Task prompt. Where an entry contains a picture, omit the picture and repeat the rest exactly.

Record extracts.

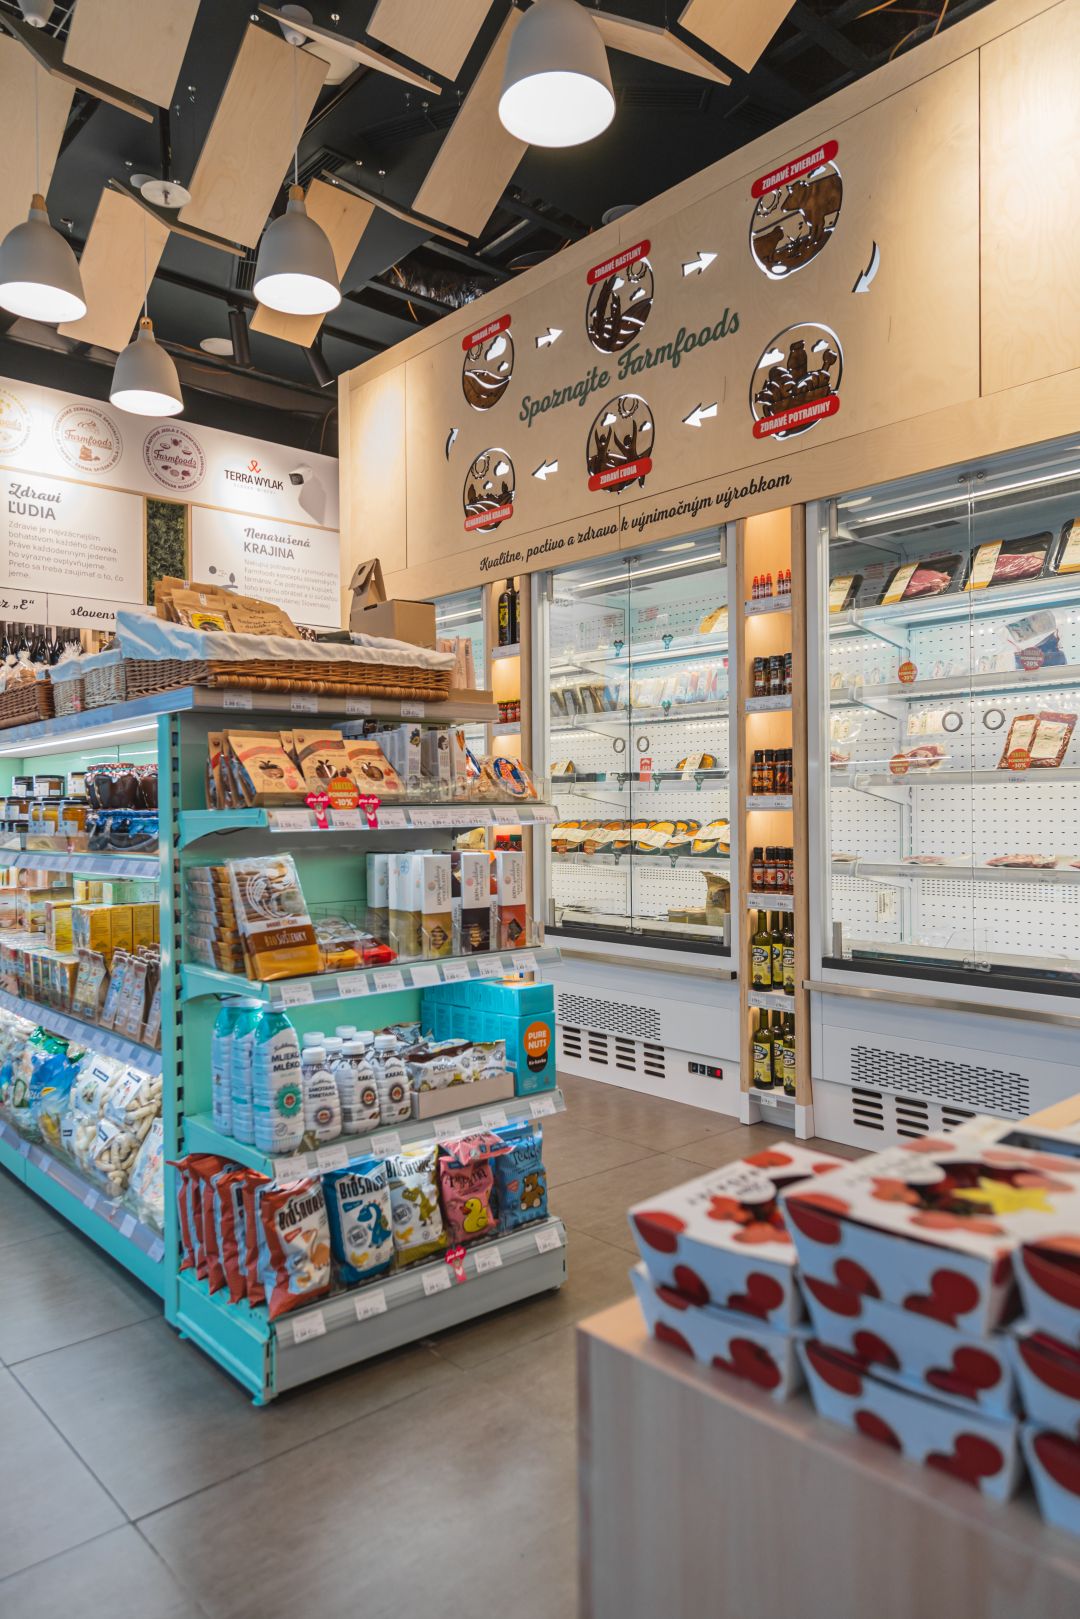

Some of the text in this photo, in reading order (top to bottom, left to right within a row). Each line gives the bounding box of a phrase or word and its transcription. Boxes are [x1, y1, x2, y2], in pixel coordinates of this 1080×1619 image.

[762, 147, 825, 190] ZDRAVÉ ZVIERATÁ
[519, 307, 740, 428] Spoznajte Farmfoods
[760, 400, 831, 433] ZDRAVÉ POTRAVINY
[153, 449, 197, 466] Farmfoods
[224, 470, 254, 485] TERRA
[255, 476, 284, 491] WYLAK
[8, 500, 56, 520] ĽUDIA
[480, 474, 793, 572] Kvalitne, poctivo a zdravo k výnimočným výrobkom
[243, 527, 311, 548] Nenarušená
[243, 541, 295, 560] KRAJINA
[528, 1030, 547, 1041] PURE
[528, 1039, 547, 1050] NUTS
[273, 1061, 300, 1072] MLÉKO

Solution to this exercise.
Some of the text in this photo, in reading order (top to bottom, left to right within a row). Each line gives the bounding box of a phrase or word and its transcription. Boxes are [x1, y1, x2, y2], in pixel coordinates of this 1080×1619 image.

[762, 147, 825, 190] ZDRAVÉ ZVIERATÁ
[519, 307, 740, 428] Spoznajte Farmfoods
[760, 400, 831, 433] ZDRAVÉ POTRAVINY
[153, 449, 197, 466] Farmfoods
[224, 470, 254, 485] TERRA
[255, 476, 284, 491] WYLAK
[8, 500, 56, 520] ĽUDIA
[480, 474, 793, 572] Kvalitne, poctivo a zdravo k výnimočným výrobkom
[243, 527, 311, 548] Nenarušená
[243, 541, 295, 560] KRAJINA
[528, 1030, 547, 1041] PURE
[528, 1039, 547, 1050] NUTS
[273, 1061, 300, 1072] MLÉKO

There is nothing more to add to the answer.